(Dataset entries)
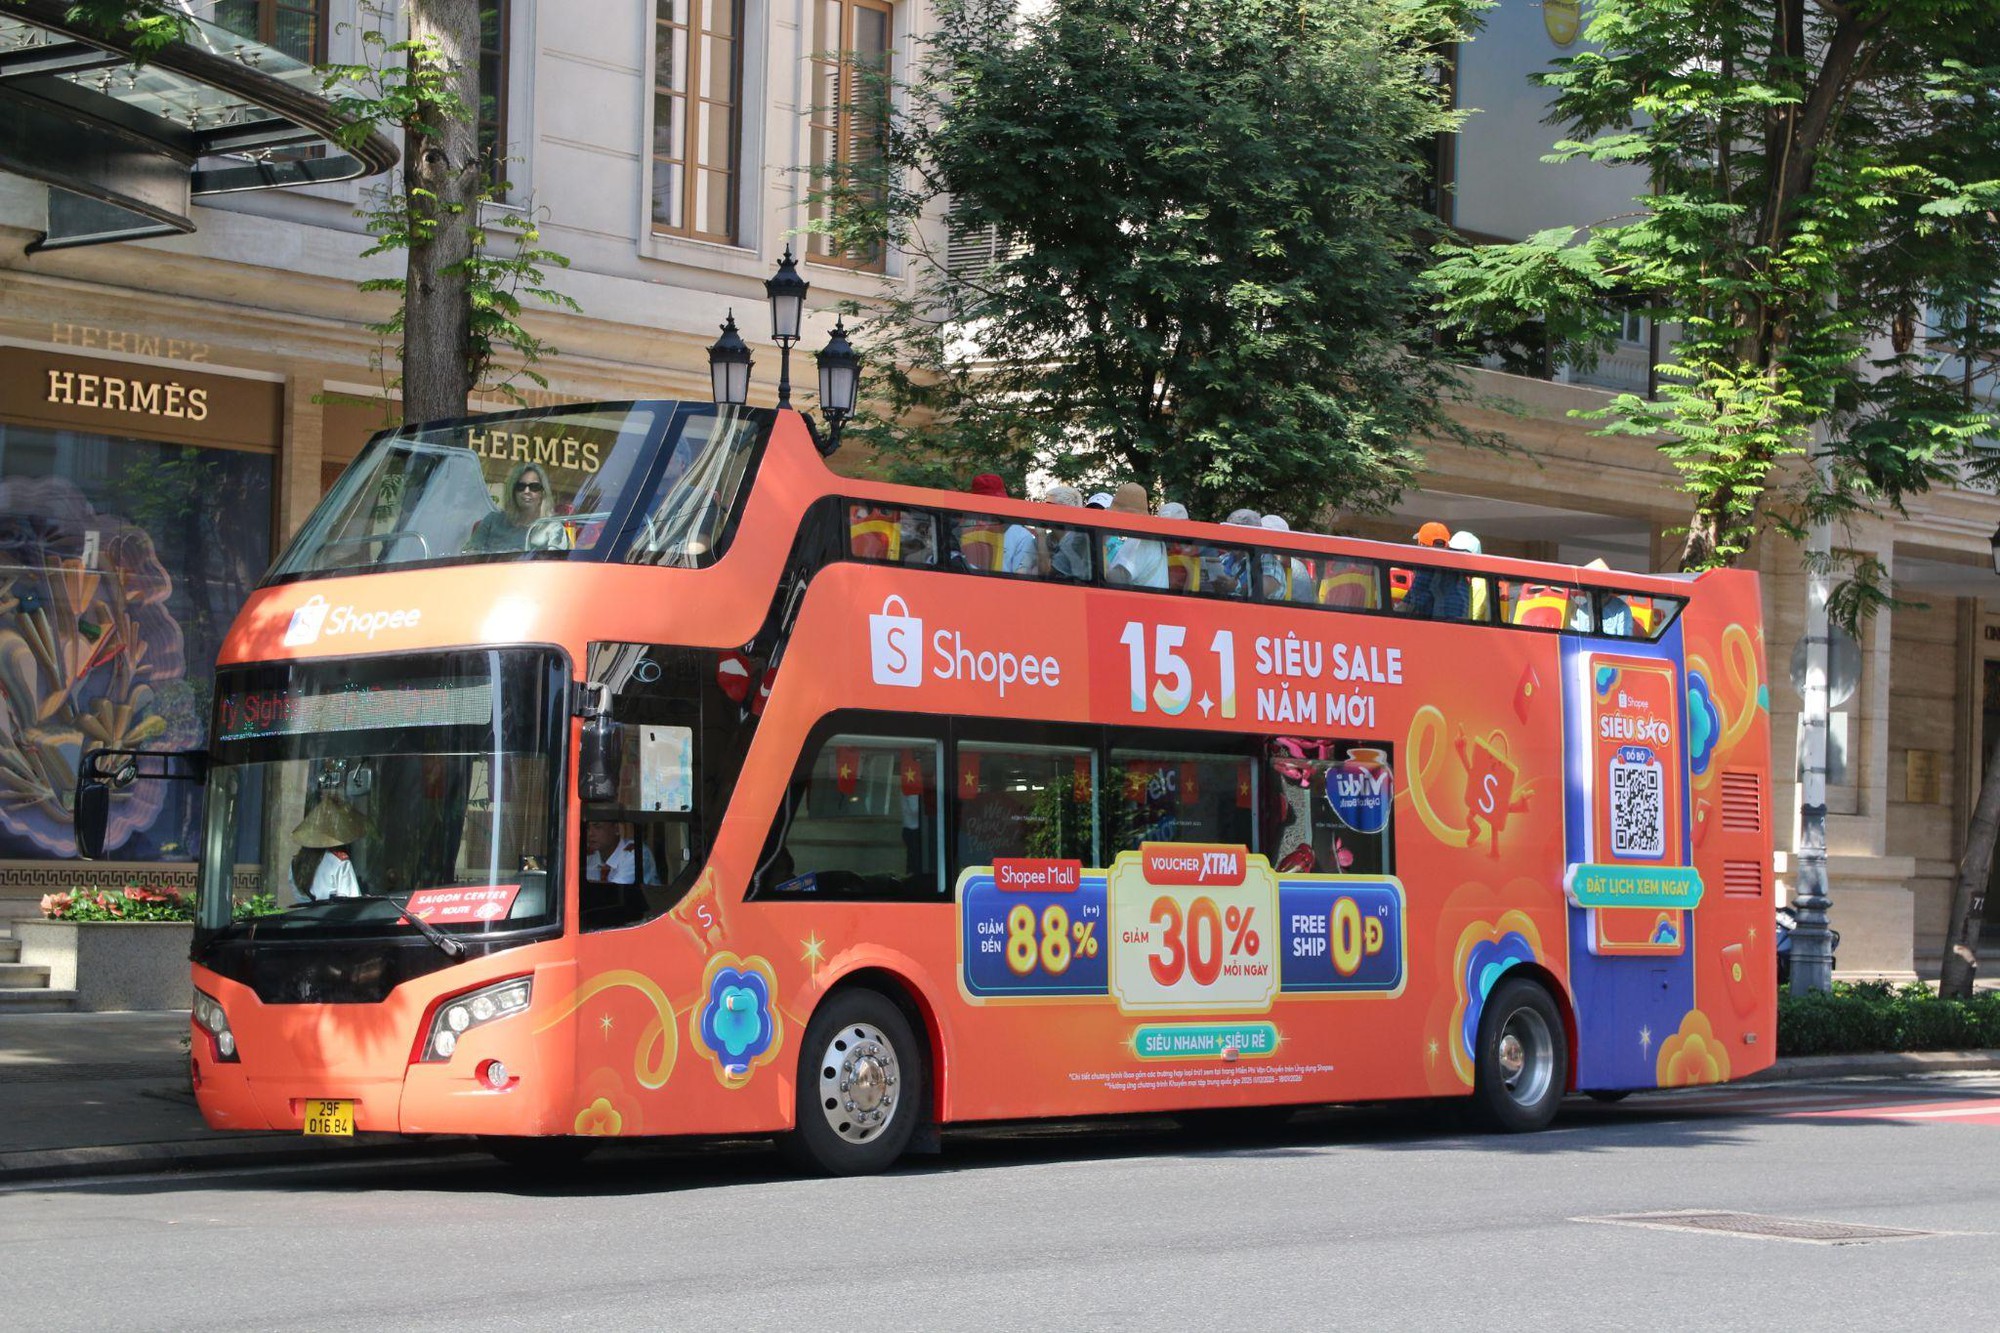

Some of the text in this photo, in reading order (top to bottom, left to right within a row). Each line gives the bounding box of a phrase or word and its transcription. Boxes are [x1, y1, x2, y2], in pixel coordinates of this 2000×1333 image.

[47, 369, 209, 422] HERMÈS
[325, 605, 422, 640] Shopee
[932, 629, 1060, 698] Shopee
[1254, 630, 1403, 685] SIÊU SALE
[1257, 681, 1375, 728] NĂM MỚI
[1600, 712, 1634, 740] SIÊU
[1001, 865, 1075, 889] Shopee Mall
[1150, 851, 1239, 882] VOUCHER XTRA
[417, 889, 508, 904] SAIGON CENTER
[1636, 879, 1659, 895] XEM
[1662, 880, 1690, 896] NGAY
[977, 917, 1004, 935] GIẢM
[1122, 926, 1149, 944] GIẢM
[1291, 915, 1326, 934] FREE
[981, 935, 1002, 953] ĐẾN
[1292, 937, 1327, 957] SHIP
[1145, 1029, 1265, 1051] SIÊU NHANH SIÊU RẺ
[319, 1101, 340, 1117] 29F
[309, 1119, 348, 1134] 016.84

▶ Problem description: The data above are to be repeated word for word, with any pictures left out.

▶ Reply to the task:
Some of the text in this photo, in reading order (top to bottom, left to right within a row). Each line gives the bounding box of a phrase or word and its transcription. Boxes are [x1, y1, x2, y2], in pixel coordinates of this 2000×1333 image.

[47, 369, 209, 422] HERMÈS
[325, 605, 422, 640] Shopee
[932, 629, 1060, 698] Shopee
[1254, 630, 1403, 685] SIÊU SALE
[1257, 681, 1375, 728] NĂM MỚI
[1600, 712, 1634, 740] SIÊU
[1001, 865, 1075, 889] Shopee Mall
[1150, 851, 1239, 882] VOUCHER XTRA
[417, 889, 508, 904] SAIGON CENTER
[1636, 879, 1659, 895] XEM
[1662, 880, 1690, 896] NGAY
[977, 917, 1004, 935] GIẢM
[1122, 926, 1149, 944] GIẢM
[1291, 915, 1326, 934] FREE
[981, 935, 1002, 953] ĐẾN
[1292, 937, 1327, 957] SHIP
[1145, 1029, 1265, 1051] SIÊU NHANH SIÊU RẺ
[319, 1101, 340, 1117] 29F
[309, 1119, 348, 1134] 016.84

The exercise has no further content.